Improvvisamente, ogni cosa intorno a lei divenne sfocata e confusa. Si sentì girare vorticosamente, come se una tromba d'aria l'avesse attirata al suo interno. Gli animali e le piante sparirono velocemente, finché non riuscì più a distinguere nulla. La pace era finita.
Quando aprì gli occhi e notò la finestra che dava sul cortile della scuola, capì di trovarsi in guai seri. Si era addormentata sul banco, di nuovo. E la professoressa Morris non sembrava  affatto intenzionata a perdonarla per l'ennesima volta.
Ma la cosa peggiore era che la ragazza, nonostante l'insegnante fosse furibonda, dopo il sogno che aveva fatto non riusciva a prenderla sul serio: davanti a lei non si trovava una donna di quarant'anni, occhialuta e magra come un chiodo, bensì un cervo alquanto accigliato.
La giovane non riusciva a levarsi dalla mente il sogno assurdo che aveva fatto, e dovette compiere uno sforzo madornale per non scoppiare a ridere in faccia alla donna, peggiorando ulteriormente la sua situazione.
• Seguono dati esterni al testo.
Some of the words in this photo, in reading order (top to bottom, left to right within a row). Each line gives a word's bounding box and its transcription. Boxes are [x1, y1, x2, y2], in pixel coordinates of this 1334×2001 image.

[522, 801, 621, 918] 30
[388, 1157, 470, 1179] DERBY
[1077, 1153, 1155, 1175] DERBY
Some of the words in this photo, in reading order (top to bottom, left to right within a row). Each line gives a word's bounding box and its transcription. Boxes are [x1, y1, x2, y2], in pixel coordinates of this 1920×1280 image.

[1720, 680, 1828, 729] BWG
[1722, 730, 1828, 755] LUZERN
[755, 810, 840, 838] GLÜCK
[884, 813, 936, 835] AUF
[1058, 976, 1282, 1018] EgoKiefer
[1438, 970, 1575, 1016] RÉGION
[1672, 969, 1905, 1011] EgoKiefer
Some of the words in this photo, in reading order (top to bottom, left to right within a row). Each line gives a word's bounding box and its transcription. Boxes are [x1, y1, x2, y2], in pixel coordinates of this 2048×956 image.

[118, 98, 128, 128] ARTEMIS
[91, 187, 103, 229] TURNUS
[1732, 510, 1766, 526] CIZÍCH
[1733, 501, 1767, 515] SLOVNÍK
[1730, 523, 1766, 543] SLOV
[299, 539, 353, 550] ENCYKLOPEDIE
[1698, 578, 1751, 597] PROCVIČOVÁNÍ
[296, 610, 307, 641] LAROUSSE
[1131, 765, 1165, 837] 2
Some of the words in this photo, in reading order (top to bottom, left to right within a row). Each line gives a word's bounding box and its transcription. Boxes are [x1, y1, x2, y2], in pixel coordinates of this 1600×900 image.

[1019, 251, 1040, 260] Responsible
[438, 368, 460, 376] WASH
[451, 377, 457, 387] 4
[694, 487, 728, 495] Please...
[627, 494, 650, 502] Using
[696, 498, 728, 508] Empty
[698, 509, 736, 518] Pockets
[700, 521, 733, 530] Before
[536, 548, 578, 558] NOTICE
Un suono acuto la fece sospirare di sollievo. Salvata dalla campanella.
Tutti i ragazzi si alzarono in piedi per poi sparire nei corridoi in pochi istanti.
Abigail tentò di fare lo stesso, ma non fu abbastanza veloce. Quando era ormai a pochi passi dalla porta una voce femminile la richiamò.
"Gradirei che dormisse di più a casa e meno durante le mie lezioni, Collins."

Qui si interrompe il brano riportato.